===== RECORDS FOR THIS TASK =====

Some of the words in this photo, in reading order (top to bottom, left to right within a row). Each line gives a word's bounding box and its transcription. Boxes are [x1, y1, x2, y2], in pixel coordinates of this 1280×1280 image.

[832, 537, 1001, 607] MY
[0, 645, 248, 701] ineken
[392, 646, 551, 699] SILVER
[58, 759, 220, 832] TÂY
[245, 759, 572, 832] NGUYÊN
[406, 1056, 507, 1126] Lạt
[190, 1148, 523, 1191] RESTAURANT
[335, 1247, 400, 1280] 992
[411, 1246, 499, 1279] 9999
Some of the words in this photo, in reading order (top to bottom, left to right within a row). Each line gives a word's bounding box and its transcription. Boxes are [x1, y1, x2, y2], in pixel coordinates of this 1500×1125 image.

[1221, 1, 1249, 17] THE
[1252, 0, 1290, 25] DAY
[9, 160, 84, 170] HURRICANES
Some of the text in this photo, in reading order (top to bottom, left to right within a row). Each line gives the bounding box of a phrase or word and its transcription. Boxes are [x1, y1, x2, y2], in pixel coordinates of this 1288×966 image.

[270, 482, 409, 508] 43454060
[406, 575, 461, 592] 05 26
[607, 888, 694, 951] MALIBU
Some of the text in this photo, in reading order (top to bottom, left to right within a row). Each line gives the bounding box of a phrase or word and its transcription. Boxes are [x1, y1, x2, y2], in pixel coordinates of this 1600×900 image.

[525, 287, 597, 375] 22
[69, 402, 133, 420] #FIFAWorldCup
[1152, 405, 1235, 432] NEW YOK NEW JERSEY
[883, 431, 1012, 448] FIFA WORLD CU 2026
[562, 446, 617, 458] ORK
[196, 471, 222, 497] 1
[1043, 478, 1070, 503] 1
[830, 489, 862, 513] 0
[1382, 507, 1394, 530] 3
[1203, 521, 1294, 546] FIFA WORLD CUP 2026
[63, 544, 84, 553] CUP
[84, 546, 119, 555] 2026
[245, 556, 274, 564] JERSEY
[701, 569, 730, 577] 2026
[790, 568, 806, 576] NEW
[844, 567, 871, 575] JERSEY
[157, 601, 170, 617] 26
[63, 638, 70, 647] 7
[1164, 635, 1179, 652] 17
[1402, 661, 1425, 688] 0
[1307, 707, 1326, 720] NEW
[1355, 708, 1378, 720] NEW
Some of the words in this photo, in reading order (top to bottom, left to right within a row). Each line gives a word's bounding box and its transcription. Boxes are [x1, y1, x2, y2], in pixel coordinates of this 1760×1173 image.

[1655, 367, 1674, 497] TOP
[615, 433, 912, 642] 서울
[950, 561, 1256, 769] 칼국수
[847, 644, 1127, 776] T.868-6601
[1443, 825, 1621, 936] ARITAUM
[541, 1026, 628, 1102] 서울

=====

— ASSIGNMENT —
The line containing "this 1760×1173 image." and every line after it, through the end of the records, should be repeated exactly and alone.

— SOLUTION —
Some of the words in this photo, in reading order (top to bottom, left to right within a row). Each line gives a word's bounding box and its transcription. Boxes are [x1, y1, x2, y2], in pixel coordinates of this 1760×1173 image.

[1655, 367, 1674, 497] TOP
[615, 433, 912, 642] 서울
[950, 561, 1256, 769] 칼국수
[847, 644, 1127, 776] T.868-6601
[1443, 825, 1621, 936] ARITAUM
[541, 1026, 628, 1102] 서울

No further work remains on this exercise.